- **Activity**
Each entry should be duplicated verbatim; its pictures should not be.

- **Data listing**
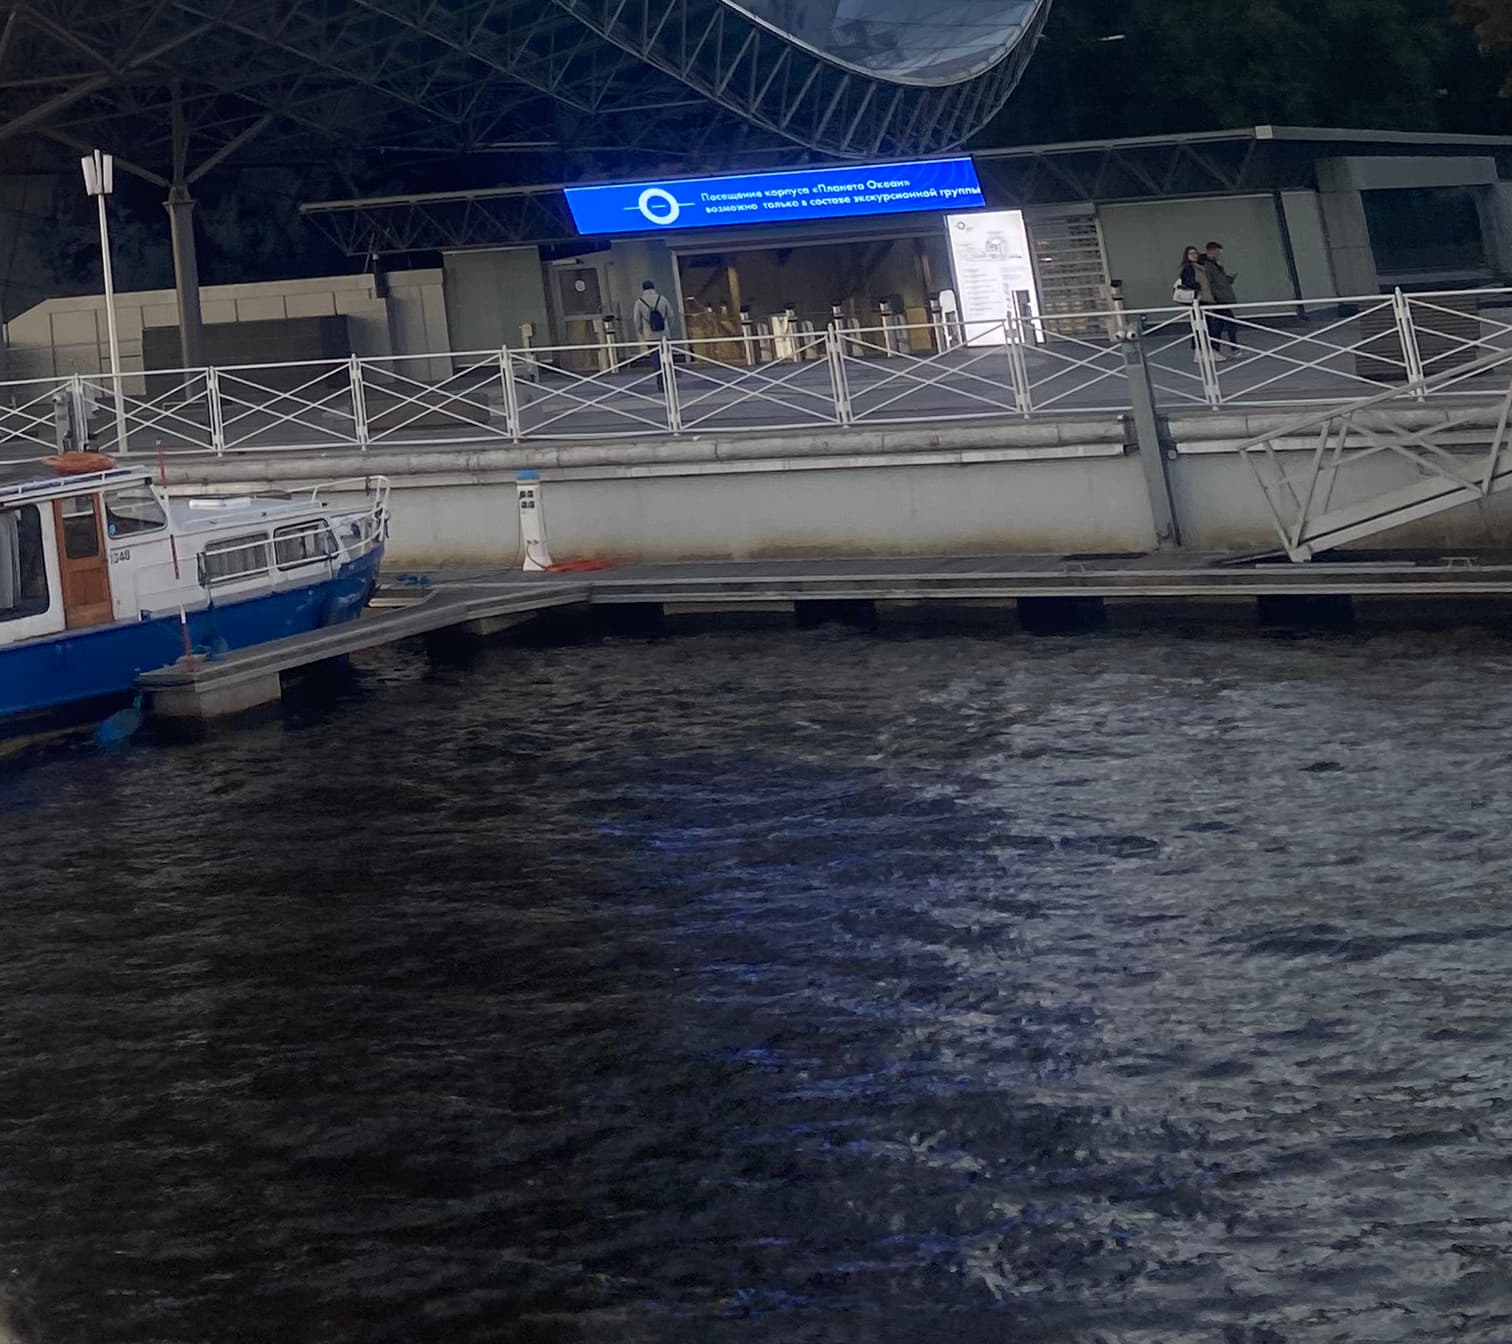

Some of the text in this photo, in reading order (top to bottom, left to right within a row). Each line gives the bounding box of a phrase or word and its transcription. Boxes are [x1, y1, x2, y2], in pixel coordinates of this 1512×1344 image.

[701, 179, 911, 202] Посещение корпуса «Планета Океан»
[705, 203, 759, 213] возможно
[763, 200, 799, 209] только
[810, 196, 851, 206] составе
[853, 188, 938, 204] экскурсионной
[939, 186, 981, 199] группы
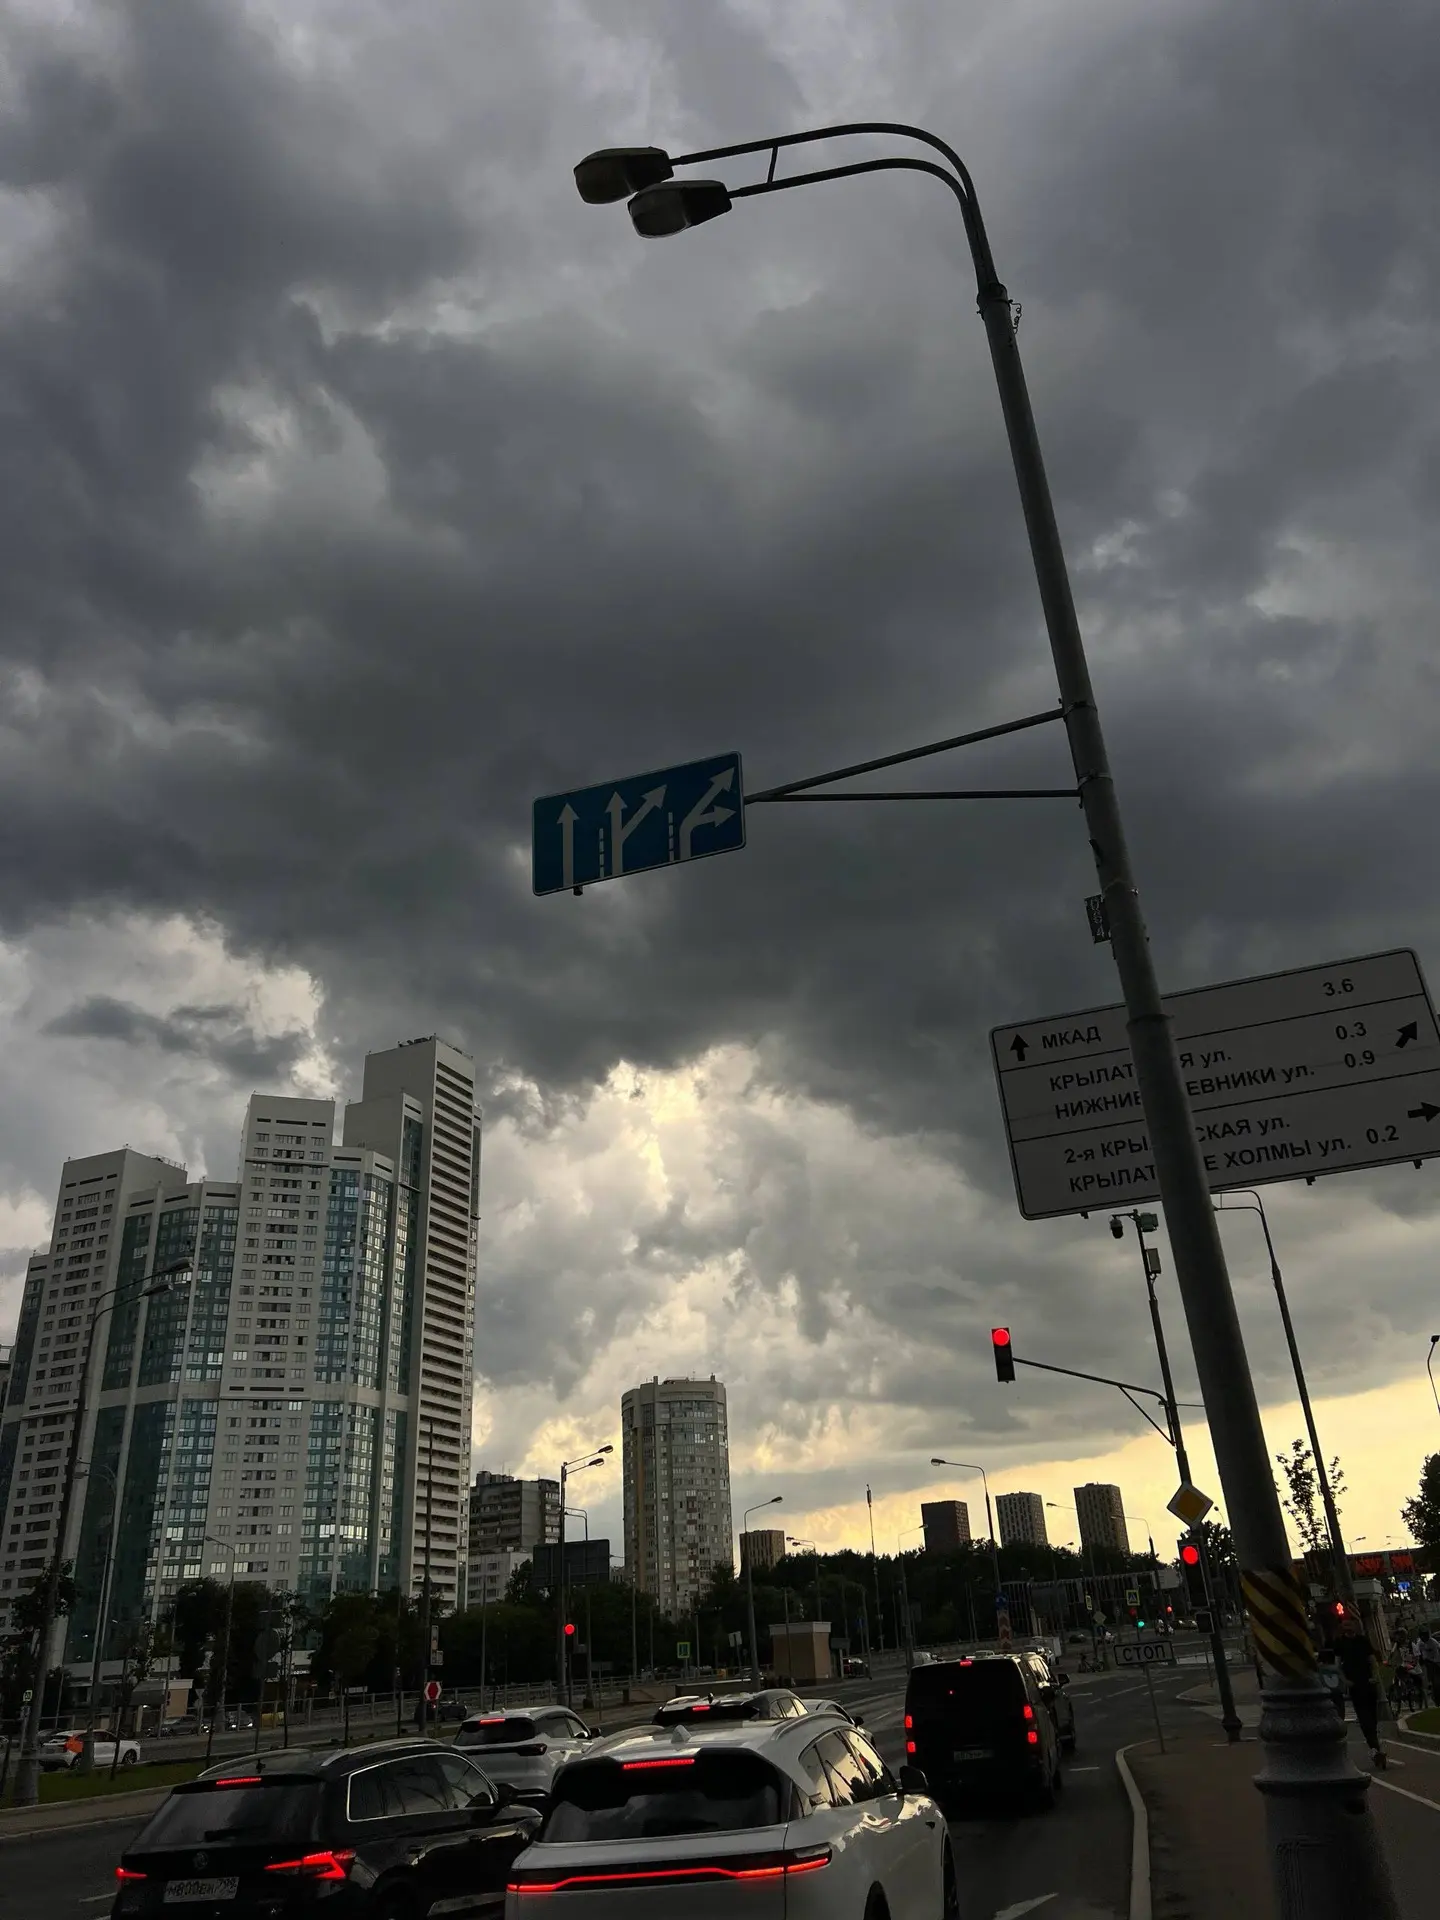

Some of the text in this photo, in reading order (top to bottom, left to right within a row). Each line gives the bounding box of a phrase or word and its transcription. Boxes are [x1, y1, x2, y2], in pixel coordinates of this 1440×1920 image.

- **Answer**
Some of the text in this photo, in reading order (top to bottom, left to right within a row). Each line gives the bounding box of a phrase or word and its transcription. Boxes are [x1, y1, x2, y2], in pixel coordinates of this 1512×1344 image.

[701, 179, 911, 202] Посещение корпуса «Планета Океан»
[705, 203, 759, 213] возможно
[763, 200, 799, 209] только
[810, 196, 851, 206] составе
[853, 188, 938, 204] экскурсионной
[939, 186, 981, 199] группы

Some of the text in this photo, in reading order (top to bottom, left to right within a row). Each line gives the bounding box of a phrase or word and its transcription. Boxes are [x1, y1, x2, y2], in pixel coordinates of this 1440×1920 image.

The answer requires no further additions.